17.        As to the council’s suggestion that a trench should have been dug, and a concrete root barrier installed rather than partial underpinning (which it was alleged could cause more problems than it resolved), Mr Hart said that that was a much more expensive option and would have meant much more extensive physical works.  Whilst Marishal Thompson were the largest suppliers and installers of root barriers in the country, such an exercise would not have been appropriate here. The close proximity of the drain run, and the boundary to the adjoining property, together with the fact that the tree itself was on third party land, were all factors that weighed against this option.  It would also have meant the need to sever roots of the tree with the potential of causing long term damage to its health and, furthermore, the council would be facing a much higher claim for compensation if that route had been followed.

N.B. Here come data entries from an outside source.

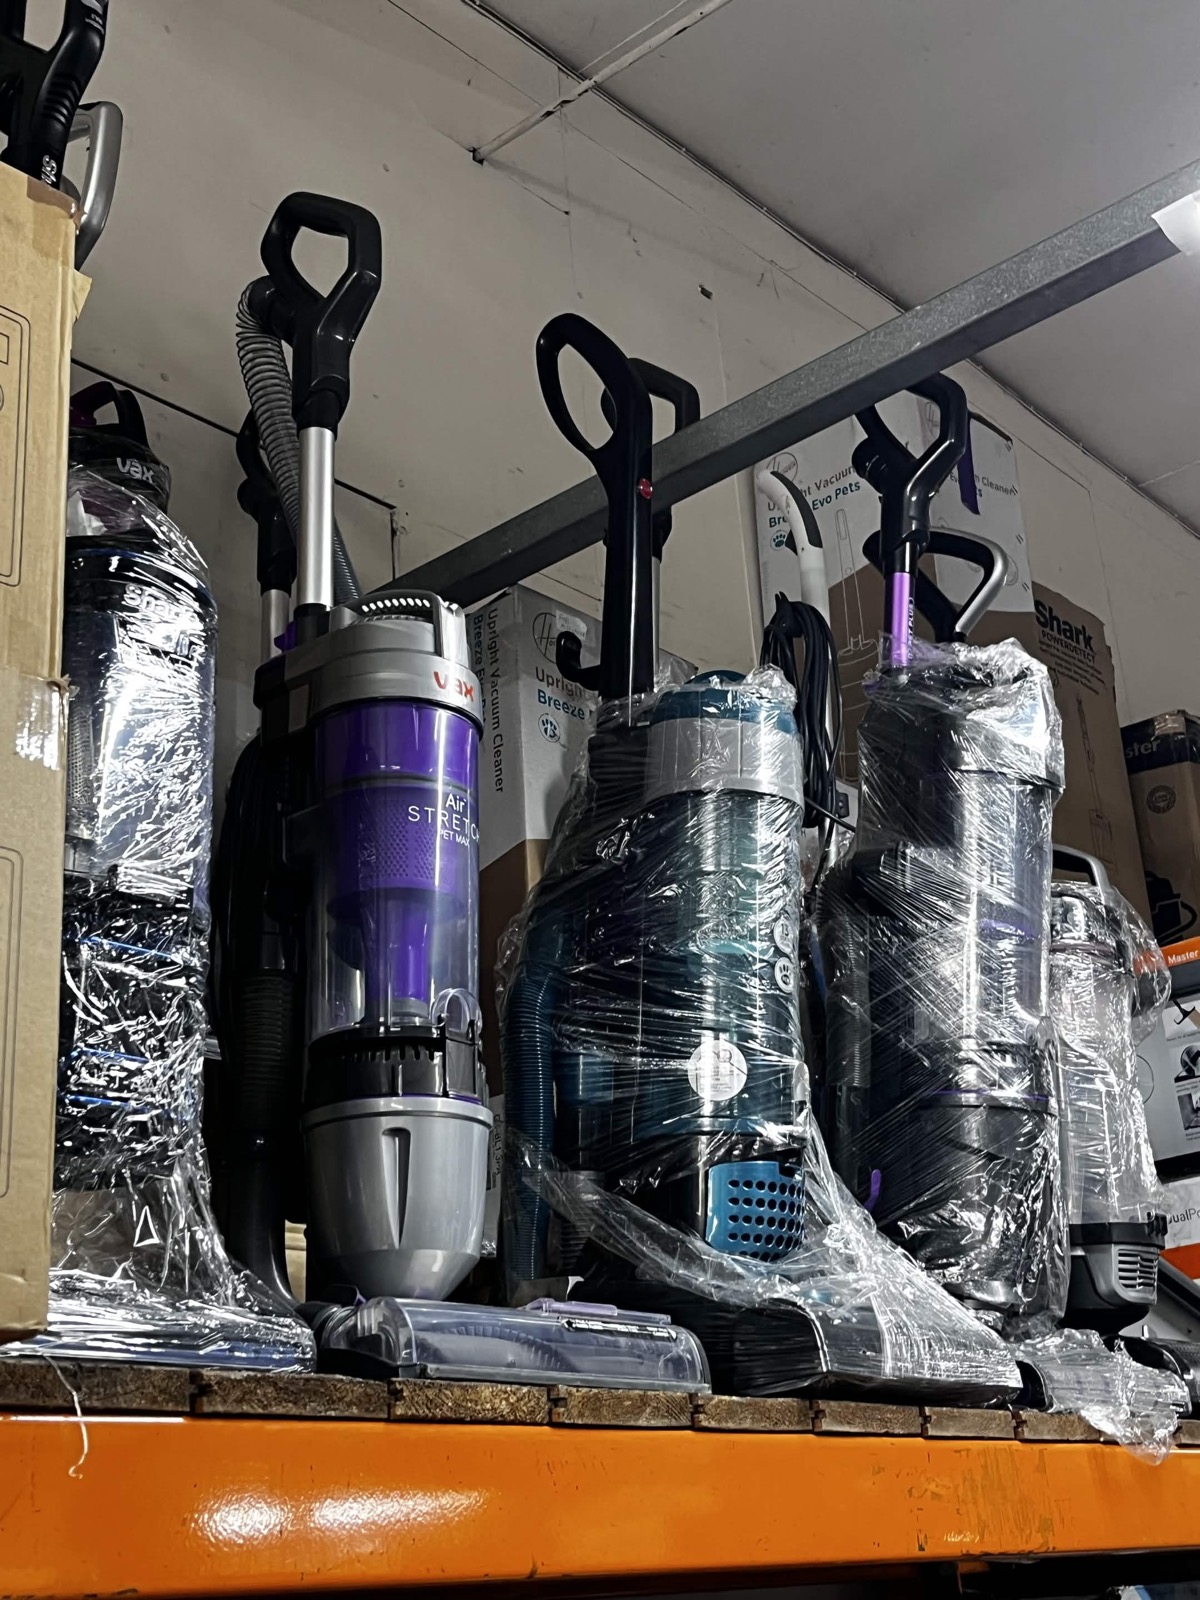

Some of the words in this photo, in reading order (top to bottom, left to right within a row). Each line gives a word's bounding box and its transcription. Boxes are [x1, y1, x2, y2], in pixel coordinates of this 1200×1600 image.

[116, 457, 155, 483] vax
[811, 495, 833, 511] Evo
[834, 481, 861, 500] Pets
[473, 613, 483, 666] Breeze
[486, 608, 500, 667] Upright
[1033, 600, 1097, 656] Shark
[490, 669, 501, 731] Vacuum
[537, 688, 586, 720] Breeze
[492, 733, 504, 793] Cleaner
[1125, 740, 1161, 759] ster
[446, 793, 467, 813] Air
[439, 829, 454, 841] PET
[455, 830, 470, 847] MAX
[1167, 949, 1199, 965] Master

18.        Mr Hart reiterated that crown reduction was considered to have been a fair option in all the circumstances, and there was no question that the council had been provided with more than sufficient information to establish that the problems that had occurred with the subject property were caused by the tree roots. The claimant was contractually obliged under the insurance policy to remedy the damage, and to provide a long-term solution to prevent it happening again.  The chosen remedy that resulted from the refusal of the application was the cheapest option, and Shirepiling was the one which would cause the least damage and was the most environmentally friendly. 

19.        Asked in cross-examination whether it was right for public money to be used to allow the claimant to fulfil its contractual obligation, Mr Hart said that, as had been explained, the only reason the works were done was because the council had refused the application, despite there being clear evidence that the tree had caused damage to the property.  Under the Town and Country Planning Act, that party was entitled to compensation in such circumstances.  It was, in his experience, unusual for a council to refuse crown reduction and more often than not, local authorities were much more co-operative than had been the case here. 

20.        Mr Hart accepted that the initial technical synopsis that his firm had provided to the insurer stated that “pruning within acceptable limits will not promote recovery and long term stability” but insisted that crown reduction at 25% (whereas the BS suggested 30%) was a “suck it and see” option in the light of the council’s refusal of permission to fell.

21.        Mr Hanson is a claims consultant with Halifax GIS and said in a letter to the Tribunal dated 12 April 2011 that he adopted the report of Mr Lycett in full. Mr Lycett is a chartered surveyor, and loss adjuster with the claimant, and having prepared the majority of the relevant technical data, plans, investigation reports and engineering opinion, had produced a statement in response to Mr Paul Clark’s expert witness report.  He set out details of the technical evidence that had been submitted to Teignbridge’s tree officer, Mr D. Pratt, in March 2008 and subsequently, and vehemently refuted the council’s suggestion that insufficient evidence had been provided.  The evidence included the initial tree root identification results, the soil tests, a site plan, engineering report, Marishal Thompson’s initial arboricultural assessment and ongoing crack monitoring results.  Subsequent reports gave details of crack monitoring locations and initial results. Mr Lycett affirmed that the information given to the council was “standard documentation in support of subsidence movement and damage to a domestic property.”  Such evidence is normally accepted by local authorities, engineers and loss adjusters, and he said that it was notable that Mr Clark had been unable to provide any evidence that the cracks referred to were caused by anything other than soil shrinkage due to the tree roots. At Mr Clark’s request, the additional monitoring station had been set up on the rear wall, but this served no purpose other than to reinforce the claimant’s opinion that the cracks to the front were shrinkage, and those on the rear were purely down to thermal movement – as the results clearly showed.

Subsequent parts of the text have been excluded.